The most ideal distribution for 10 in this case would be 6 groupings of 3 and 4 groupings of 2. Any thoughts on how this might be implemented?
In general, the easiest way to implement the logic is using the modulo operator, %. Get familiar with this operator; it's very useful for the situations where it helps. There are a number of ways to write the actual code to do the distribution of letters, using arrays or not as you wish etc., but this short expression should give you an idea:
"ABCDEFGHIJKLMNOPQRSTUVWXYZ".IndexOf(letter) % partitionCount
This expression gives the zero-based index of the partition in which to deposit an upper-case letter. The string is just shown for convenience, but could be an array or some other way of representing the alphabet. You could loop over the alphabet, using logic similar to the above to choose where to deposit each letter. Up to you would be where to put the logic: inside a loop, in a method, etc.
There's nothing magical about modular arithmetic; it just "wraps around" after the end of the set of usable numbers is reached. A simple context in which we've all encountered this is in division; the % operator is essentially just giving a division remainder.

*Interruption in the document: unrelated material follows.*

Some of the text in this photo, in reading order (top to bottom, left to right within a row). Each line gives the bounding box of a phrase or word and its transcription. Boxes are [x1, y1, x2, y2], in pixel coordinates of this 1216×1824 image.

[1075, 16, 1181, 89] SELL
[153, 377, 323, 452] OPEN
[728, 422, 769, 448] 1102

Now that you understand what the % operator is doing, you could easily write your own code to do the same thing, in any language.

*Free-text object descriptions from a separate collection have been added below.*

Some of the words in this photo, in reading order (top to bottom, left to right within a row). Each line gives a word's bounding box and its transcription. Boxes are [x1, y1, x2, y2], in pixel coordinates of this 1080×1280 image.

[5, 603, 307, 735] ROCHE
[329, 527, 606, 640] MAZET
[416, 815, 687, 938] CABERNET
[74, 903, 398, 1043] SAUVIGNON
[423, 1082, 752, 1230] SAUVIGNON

Putting this all together, you could write a utility, class or extension method like this one--note the % to calculate the remainder, and that simple integer division discards it:
/// <summary>
/// Returns partition sized which are as close as possible to equal while using the indicated total size available, with any extra distributed to the front
/// </summary>
/// <param name="totalSize">The total number of elements to partition</param>
/// <param name="partitionCount">The number of partitions to size</param>
/// <param name="remainderAtFront">If true, any remainder will be distributed linearly starting at the beginning; if false, backwards from the end</param>
/// <returns>An int[] containing the partition sizes</returns>
public static int[] GetEqualizedPartitionSizes(int totalSize, int partitionCount, bool remainderAtFront = true)
{
if (totalSize < 1)
throw new ArgumentException("Cannot partition a non-positive number (" + totalSize + ")");
else if (partitionCount < 1)
throw new ArgumentException("Invalid partition count (" + partitionCount + ")");
else if (totalSize < partitionCount)
throw new ArgumentException("Cannot partition " + totalSize + " elements into " + partitionCount + " partitions");
int[] partitionSizes = new int[partitionCount];
int basePartitionSize = totalSize / partitionCount;
int remainder = totalSize % partitionCount;
int remainderPartitionSize = basePartitionSize + 1;
int x;
if (remainderAtFront)
{
for (x = 0; x < remainder; x++)
partitionSizes[x] = remainderPartitionSize;
for (x = remainder; x < partitionCount; x++)
partitionSizes[x] = basePartitionSize;
}
else
{
for (x = 0; x < partitionCount - remainder; x++)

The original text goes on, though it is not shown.